JokerJoker, Warner Brothers:
This steaming pile of Oscar excrement is the most torturous couple of hours I’ve spent in the past few months. Sure, Joaquin Phoenix grunts, weeps, spasmodically chuckles, and even interpretive dances his way through a role and that’s acting with a capital A; but most of the time I just feel like I’m watching a terminally constipated man squeeze out the world’s most reluctant turd. It’s acting with a capital A in a movie that’s a bummer with a capital B. The slow moving script is beyond ham-fisted; it’s like they grafted a herd of wild boars to their forearms.
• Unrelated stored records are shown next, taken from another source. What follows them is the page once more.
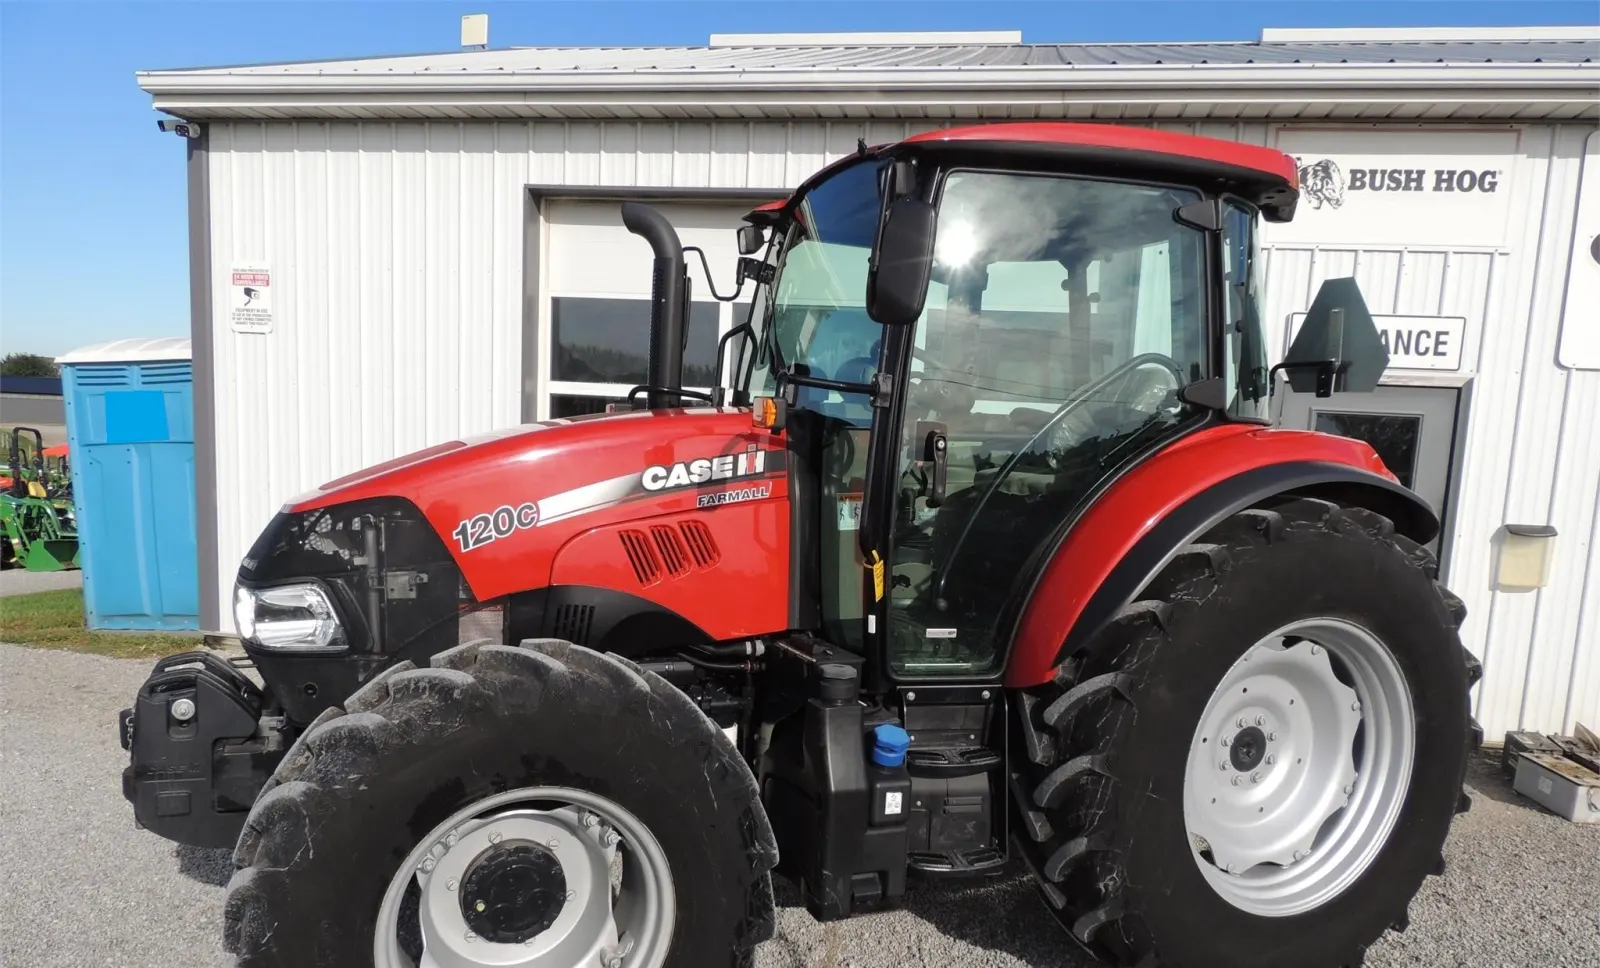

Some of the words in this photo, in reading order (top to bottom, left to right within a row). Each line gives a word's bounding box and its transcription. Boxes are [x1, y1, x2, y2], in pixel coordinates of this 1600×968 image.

[1347, 168, 1426, 192] BUSH
[1432, 169, 1499, 193] HOG
[1379, 329, 1450, 357] ANCE
[641, 455, 734, 491] CASE
[697, 486, 770, 508] FARMALL
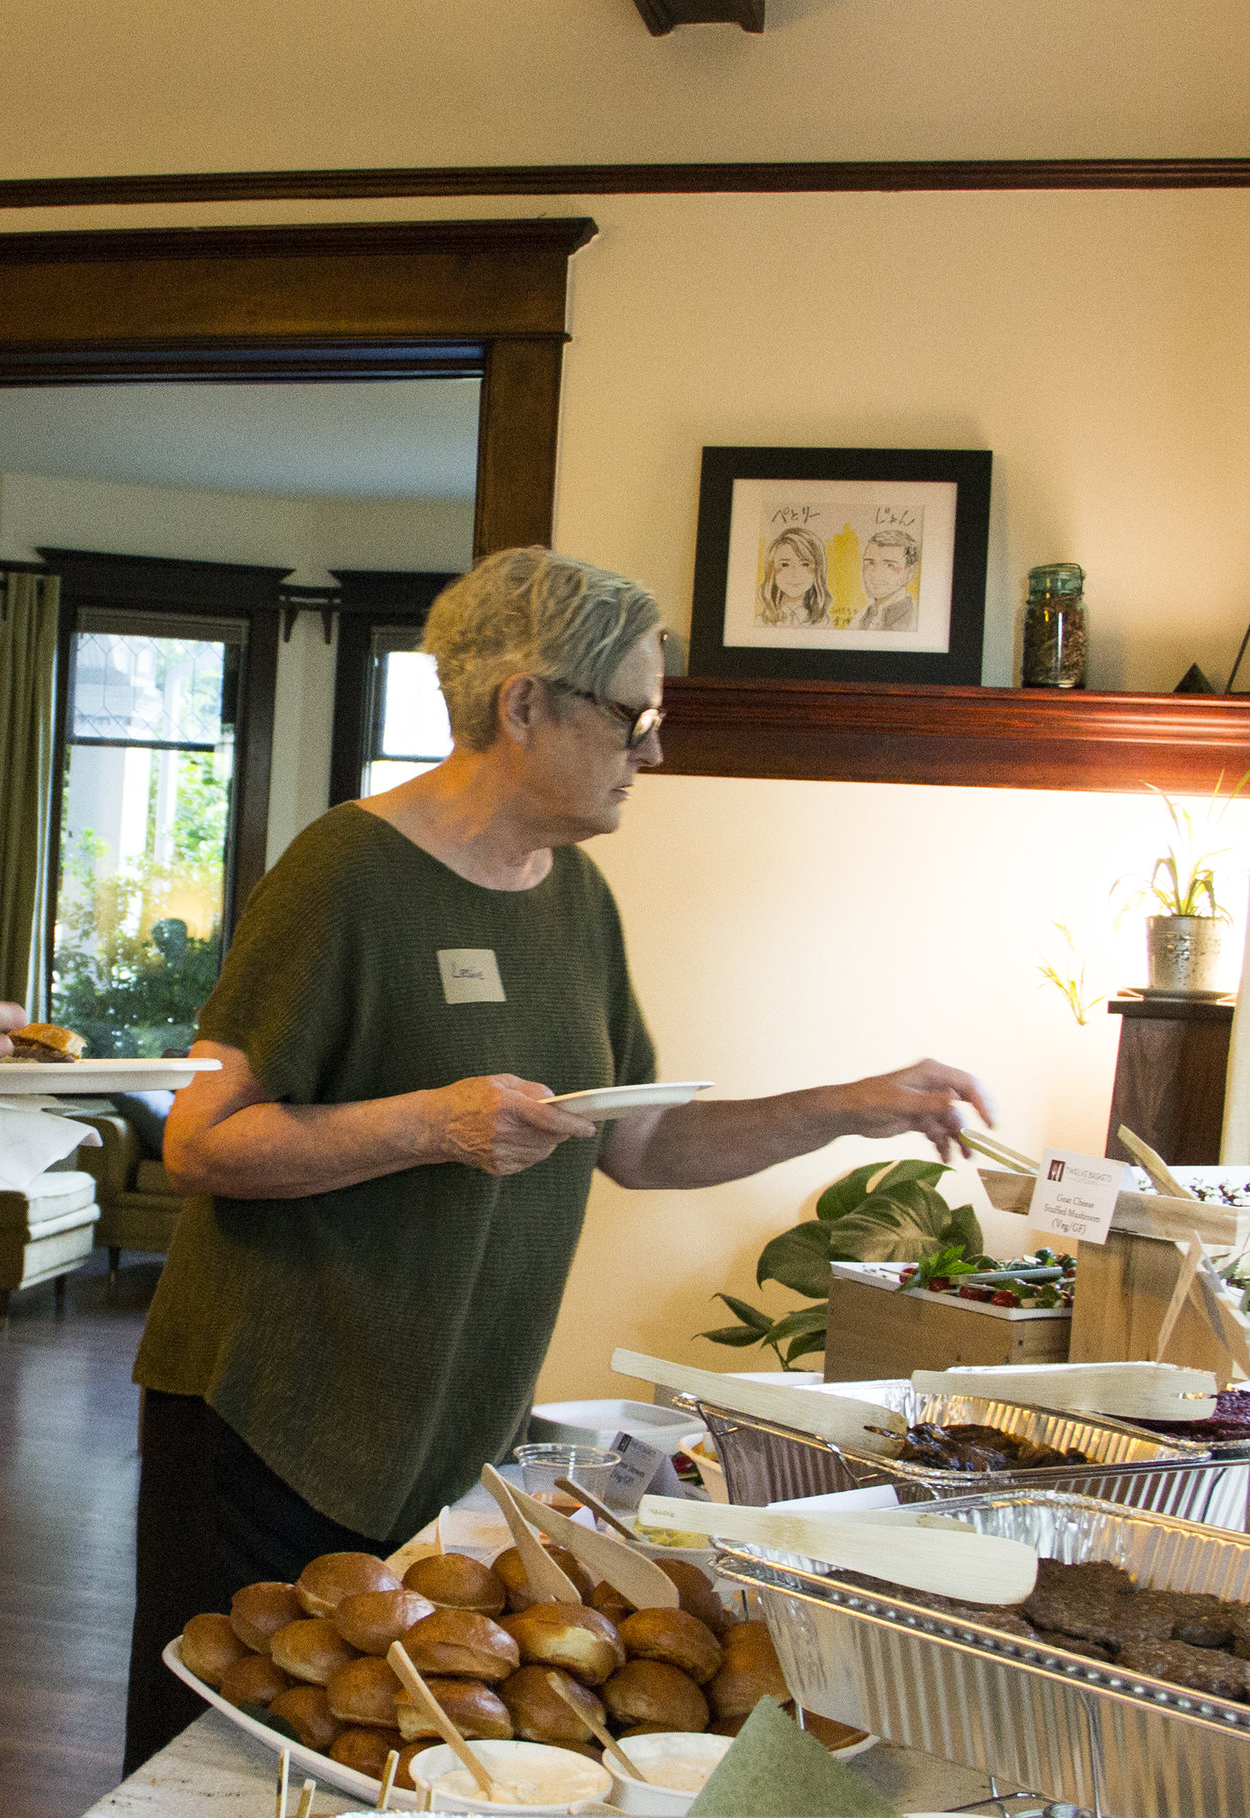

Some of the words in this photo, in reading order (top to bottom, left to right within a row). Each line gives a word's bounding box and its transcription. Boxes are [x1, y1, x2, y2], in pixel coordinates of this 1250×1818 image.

[1073, 1197, 1095, 1208] Cheese
[1043, 1203, 1067, 1216] Stuffed
[1067, 1209, 1101, 1223] Mushroom
There are multiple layers of irony in the film, but the most annoying one is that a movie called Joker doesn’t have a funny moment in it. The whole thing is utterly grey and joyless. It’s like Cormac McCarthy's The Road, only more depressing. The pacing is glacial. At one point my wife said, “God, this movie is so slow,” and we were only ten minutes past the opening credits! There’s no super villains, fights, or explosions to break up the pace, just one excruciatingly sad scene after another. Unlike Marvel, DC seems to have given up on actually entertaining us. Not even Robert De Niro could save this. I mean, it’s well written and acted. The script had some literary sophistication to it. I appreciated the political and socio-economic metaphors and liked the references to the horrors we’re experiencing in the age of Trump, but at the same time you can see the major plot points coming from a mile away. When he lost his job, I turned to my wife and said, “I bet before the end of the night he’s going to have turned to a life of crime and 'Send In The Clowns' will be playing somewhere in the background." And sure enough… Joaquin Phoenix gives it his all until he pretty much breaks out in a sweat in every scene. I’m not saying he’s trying too hard, but by the last time in the movie he does a little interpretive dance I was ready to open a beer, not because I wanted to drink it but just so that I could throw the bottle at the screen.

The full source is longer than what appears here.